◆ **Task brief**
Practice item. Set the material below down again exactly, with no pictures.
*** Block opens ***
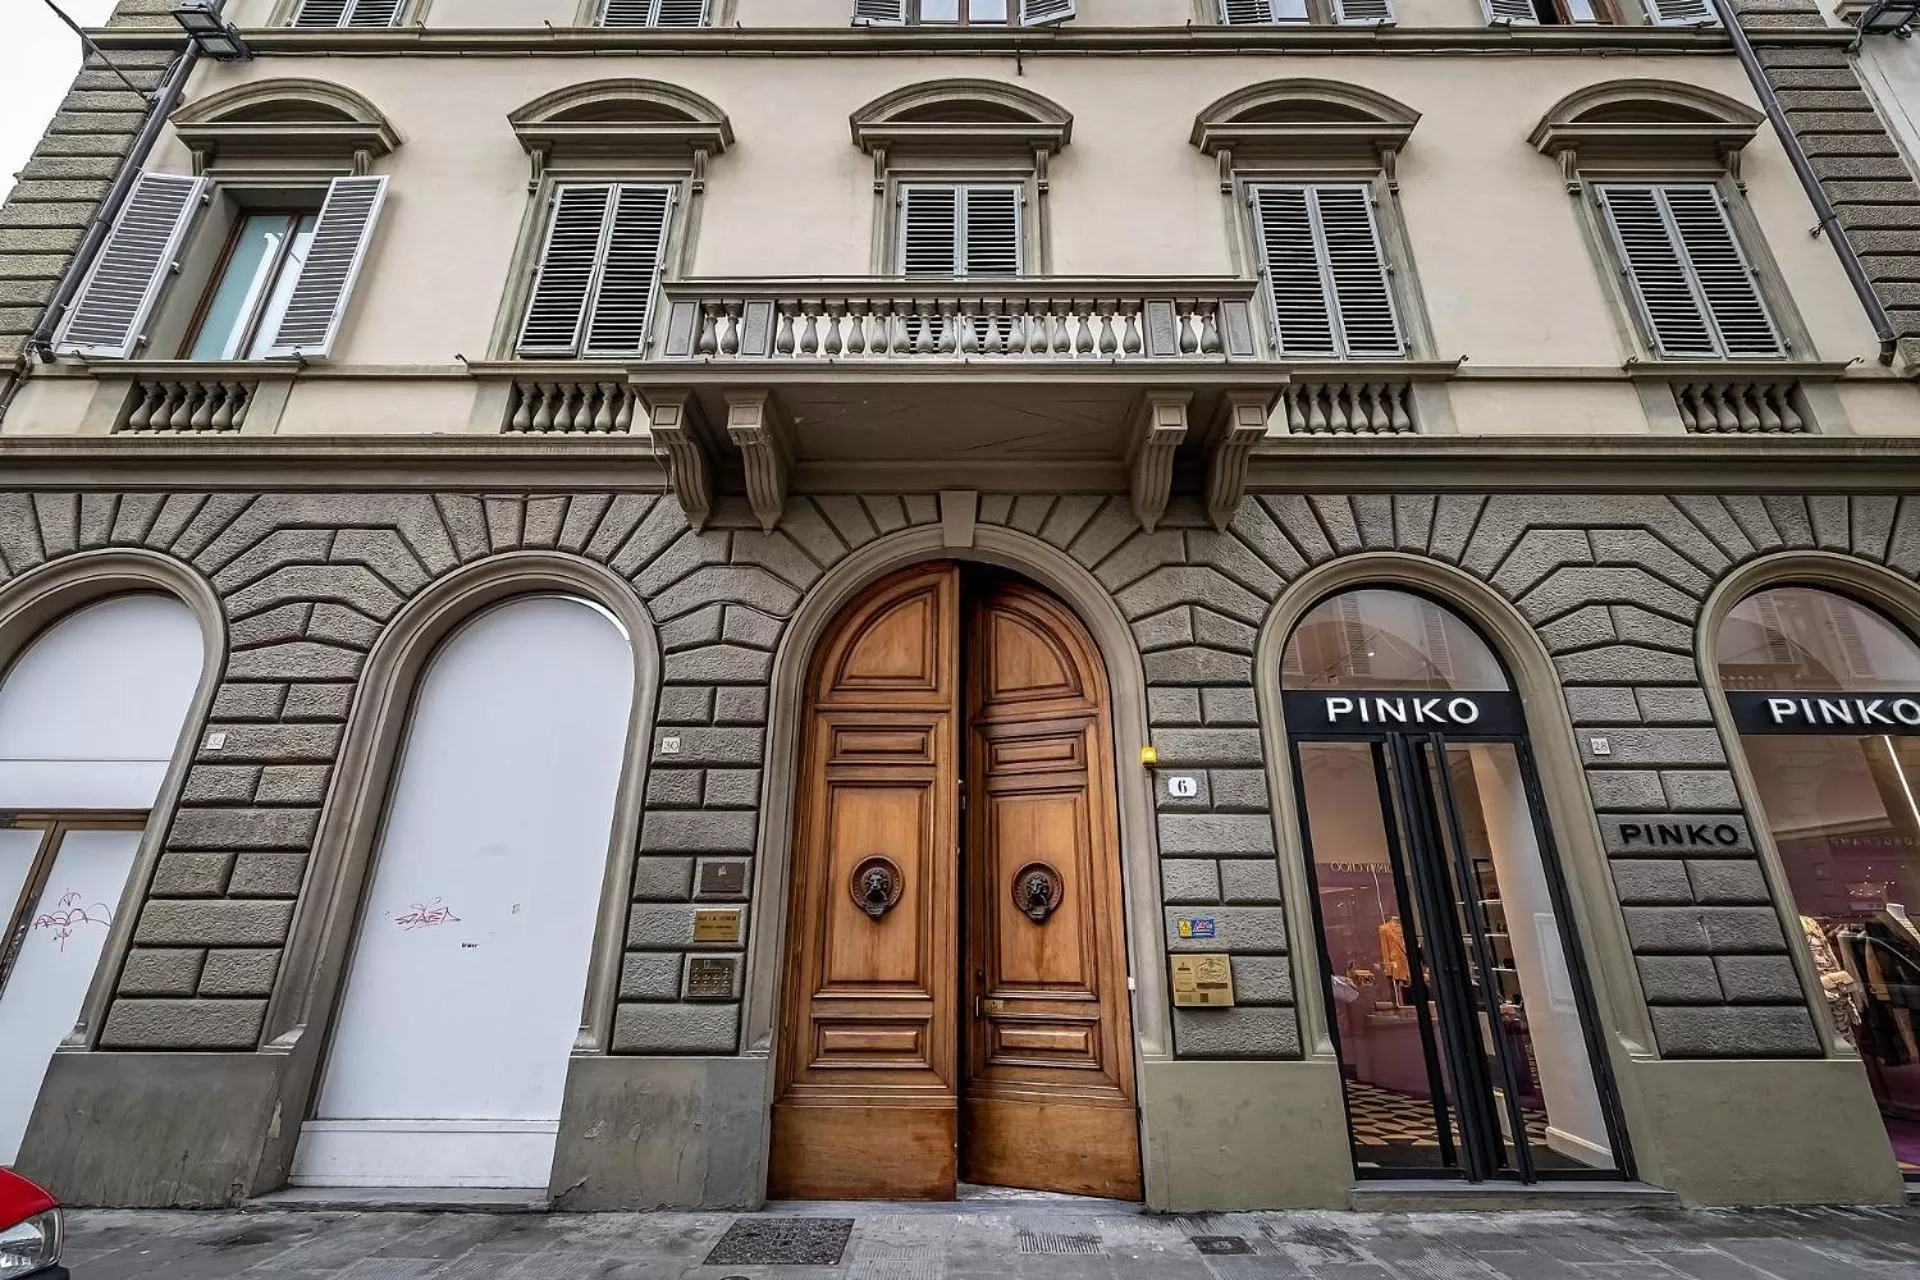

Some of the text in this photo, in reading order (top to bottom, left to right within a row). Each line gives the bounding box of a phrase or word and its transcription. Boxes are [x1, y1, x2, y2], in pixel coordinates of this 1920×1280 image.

[1325, 697, 1479, 724] PINKO
[1768, 698, 1920, 725] PINKO
[663, 740, 679, 750] 30
[1593, 740, 1608, 751] 28
[1178, 780, 1187, 793] 6
[1619, 824, 1738, 845] PINKO
*** Block closes ***
◆ **Reply to the task**
Some of the text in this photo, in reading order (top to bottom, left to right within a row). Each line gives the bounding box of a phrase or word and its transcription. Boxes are [x1, y1, x2, y2], in pixel coordinates of this 1920×1280 image.

[1325, 697, 1479, 724] PINKO
[1768, 698, 1920, 725] PINKO
[663, 740, 679, 750] 30
[1593, 740, 1608, 751] 28
[1178, 780, 1187, 793] 6
[1619, 824, 1738, 845] PINKO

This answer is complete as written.